North West companies falling behind in R&D tax credit claims
Accountancy firm DSG is encouraging North West companies to rethink whether they are eligible for Research & Development (R&D) tax credits, after HM Revenue & Customs figures reveal the region is falling behind on claims in comparison to businesses in the rest of the country.
The recent HMRC report places the North West fifth in the national league table of regions when it comes to making R&D claims; behind London, the South East and the East of England. North West companies claimed just £85 million of R&D tax credits – compared with their Southern counterparts who made tax savings of £924 million through the scheme.
The Government’s R&D tax credits scheme, which aims to encourage innovation, allows SMEs to benefit from significant tax relief on R&D expenditure. Companies can claim additional tax deductions over and above the amount they spend on research and development and thereby reduce their corporation tax liability. For SMEs, this could mean up to 225% of their R&D expenditure will be eligible for tax relief.
Darren Grimes, Tax and Business Development Director, said:
“The R&D tax credits scheme is designed to support and encourage innovative, growing companies and offers fantastic benefits for businesses. There are significant savings to be made and we’d really like to see more North West businesses getting involved and making the most of the tax credits on offer.

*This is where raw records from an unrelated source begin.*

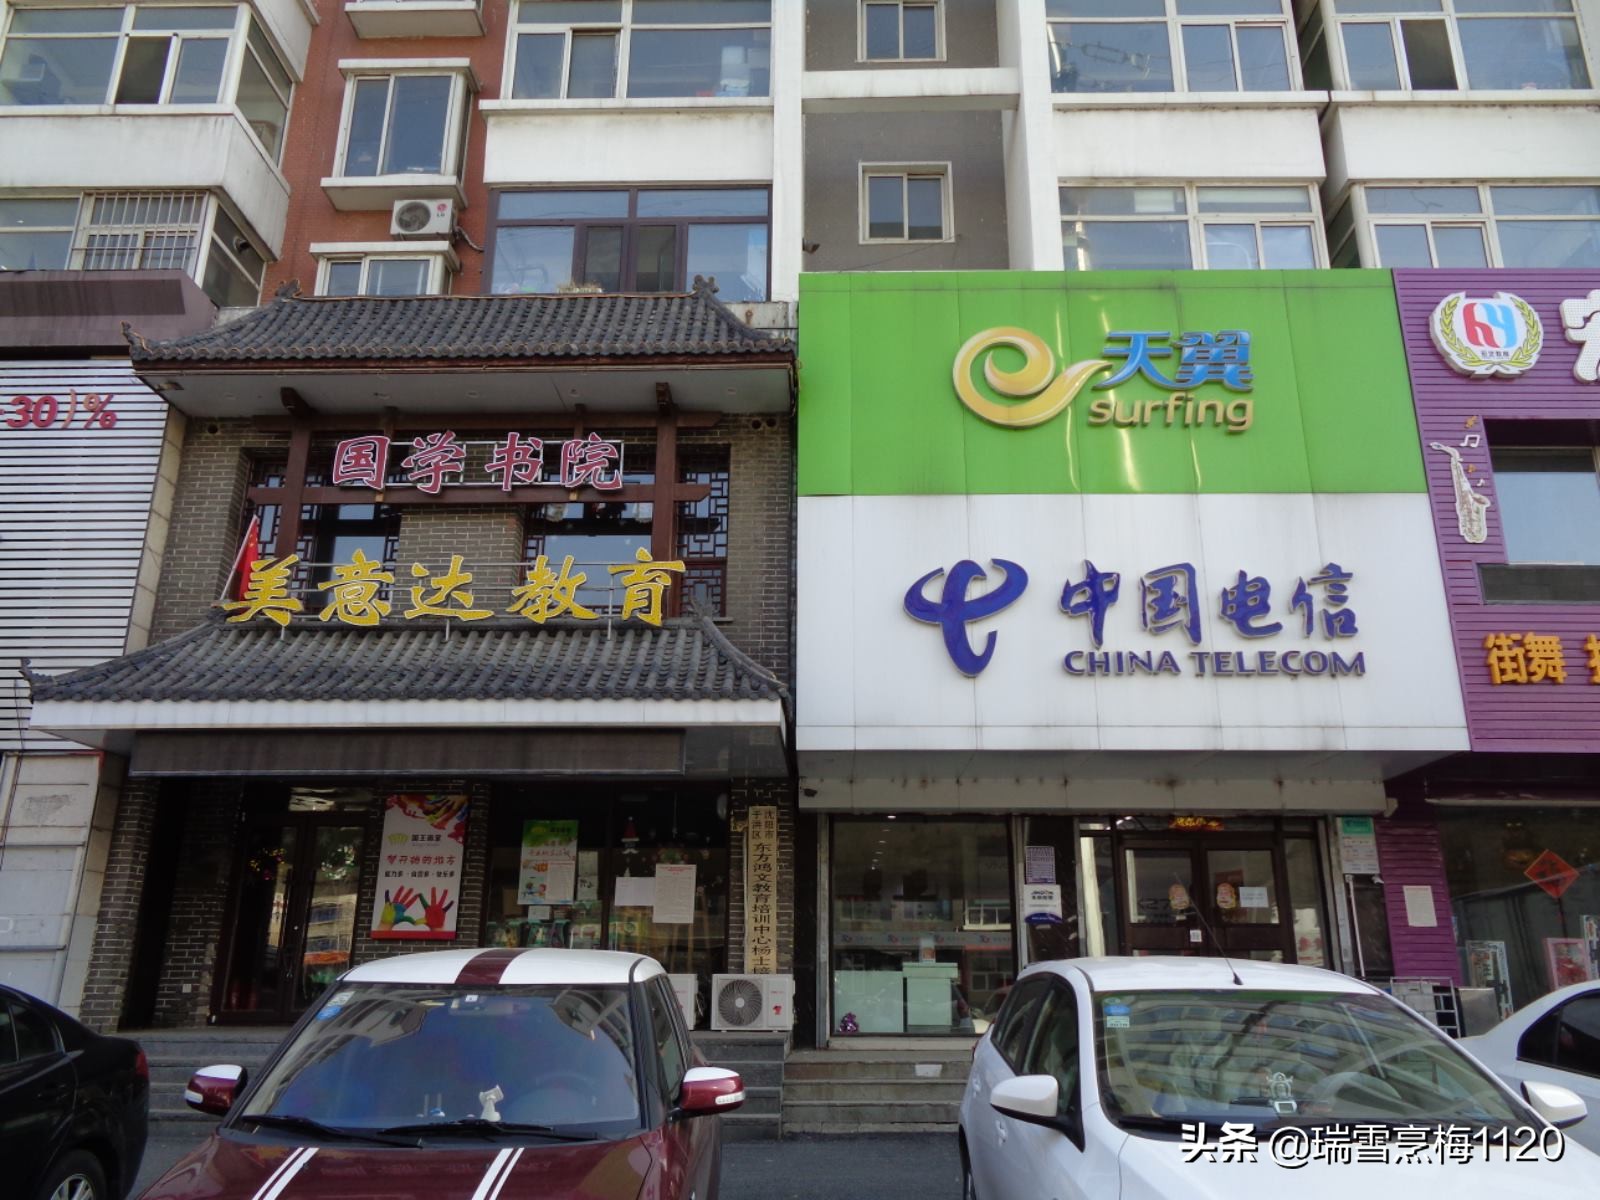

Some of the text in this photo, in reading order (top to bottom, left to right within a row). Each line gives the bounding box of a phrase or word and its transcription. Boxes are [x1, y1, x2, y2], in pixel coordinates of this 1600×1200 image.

[1091, 330, 1253, 391] 天翼
[1088, 392, 1253, 433] surfing
[332, 430, 624, 495] 国学书院
[224, 547, 686, 627] 美意达教育
[1060, 559, 1359, 649] 中国电信
[1063, 650, 1367, 677] CHINA TELECOM
[1484, 631, 1568, 686] 街舞

“It’s important that companies realise you don’t have to be employing a scientist in a white coat to be eligible for these tax credits– provided the company is undertaking innovative activities, an R&D claim may be available.”
“Despite the clear benefits to businesses, it is the general case that North West companies are not utilising this tax benefit as much as their competitors in other regions around the country. Based on the statistics, companies in the south of the UK have identified the benefits of the R&D regime and have generated tax savings in their businesses. North West companies need to reassess this valuable tax relief to prevent themselves being at a competitive disadvantage.”

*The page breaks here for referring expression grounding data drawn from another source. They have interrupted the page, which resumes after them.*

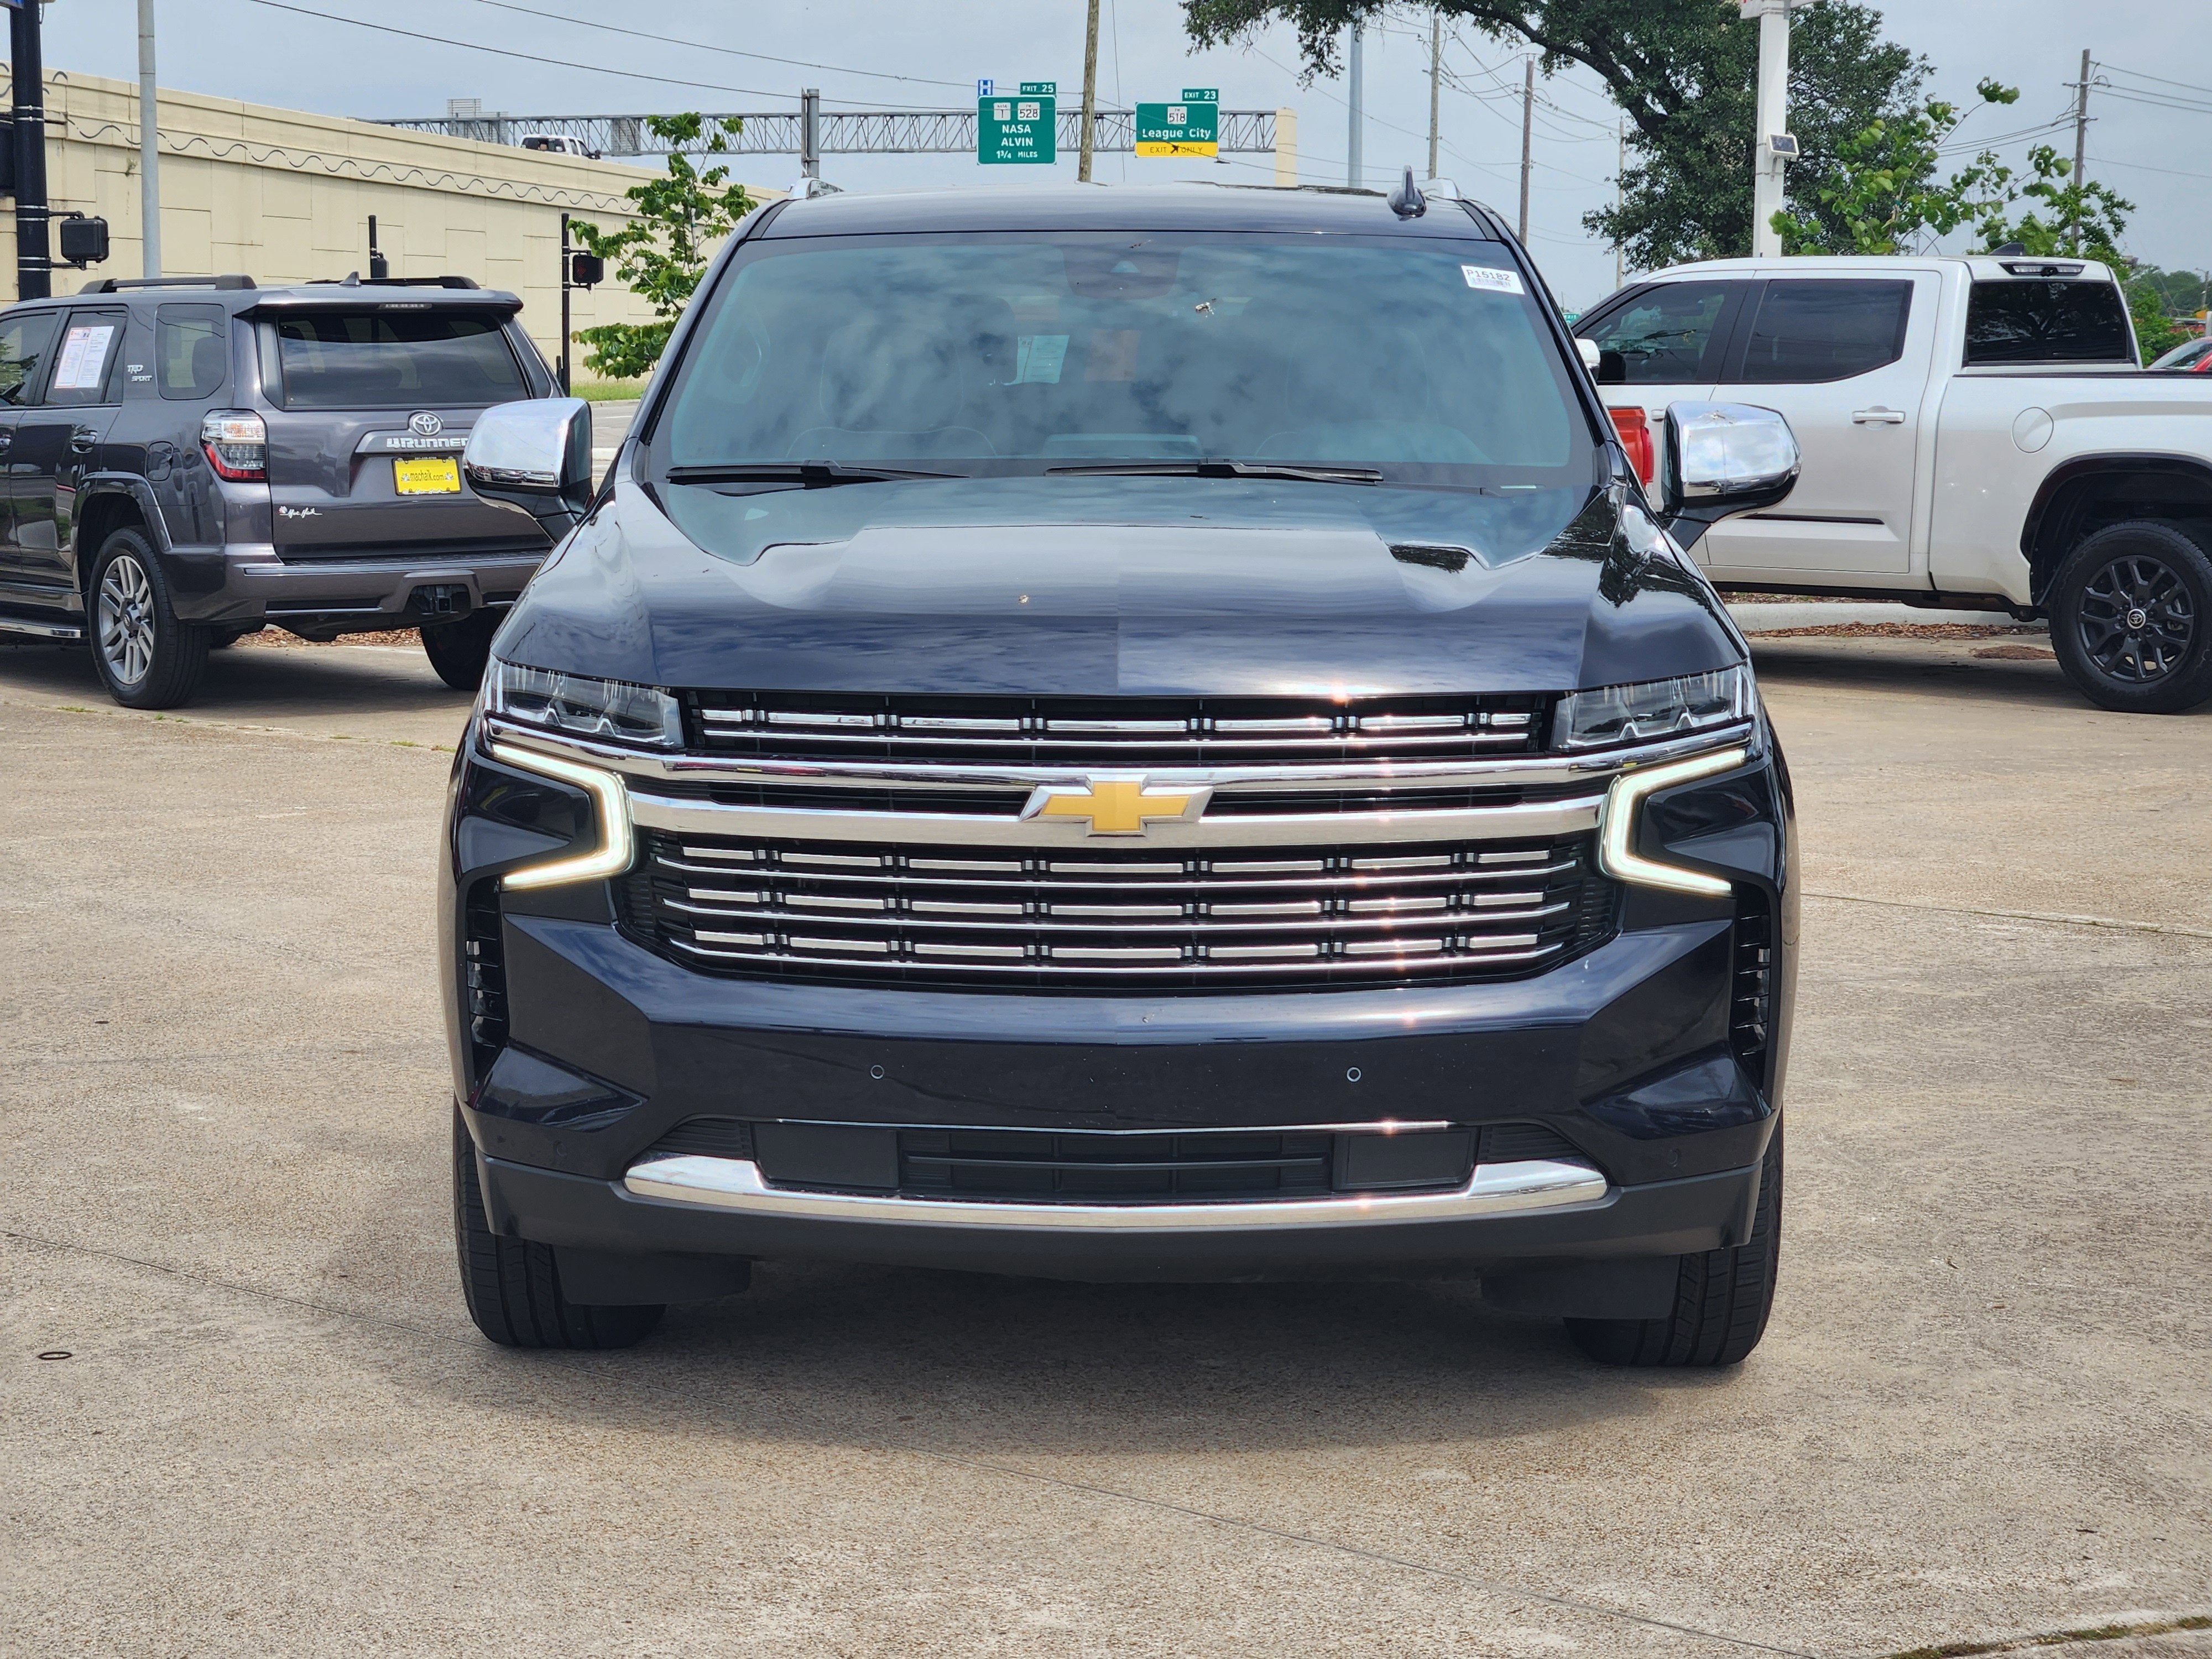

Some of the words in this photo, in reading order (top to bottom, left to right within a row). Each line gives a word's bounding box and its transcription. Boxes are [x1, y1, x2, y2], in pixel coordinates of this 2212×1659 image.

[979, 80, 992, 95] H
[1042, 85, 1054, 93] 25
[1204, 91, 1216, 100] 23
[1019, 109, 1038, 118] 528
[1169, 113, 1186, 122] 518
[1002, 124, 1031, 134] NASA
[1142, 128, 1183, 140] League
[1188, 127, 1211, 140] City
[1001, 137, 1033, 147] ALVIN
[1467, 269, 1511, 281] P15182
[127, 364, 144, 374] TRD

Businesses have two years from the end of the period in which the expenditure is made to claim tax credits for qualifying R&D. Companies with a December year end have until the end of the year to make a claim for work carried out from as far back as 2012.
R&D covers most industry sectors and applies to a wide range of activities –such as spending money on staff costs, employing technical staff or engineers, or aiming to duplicate existing products or processes in an appreciably improved way.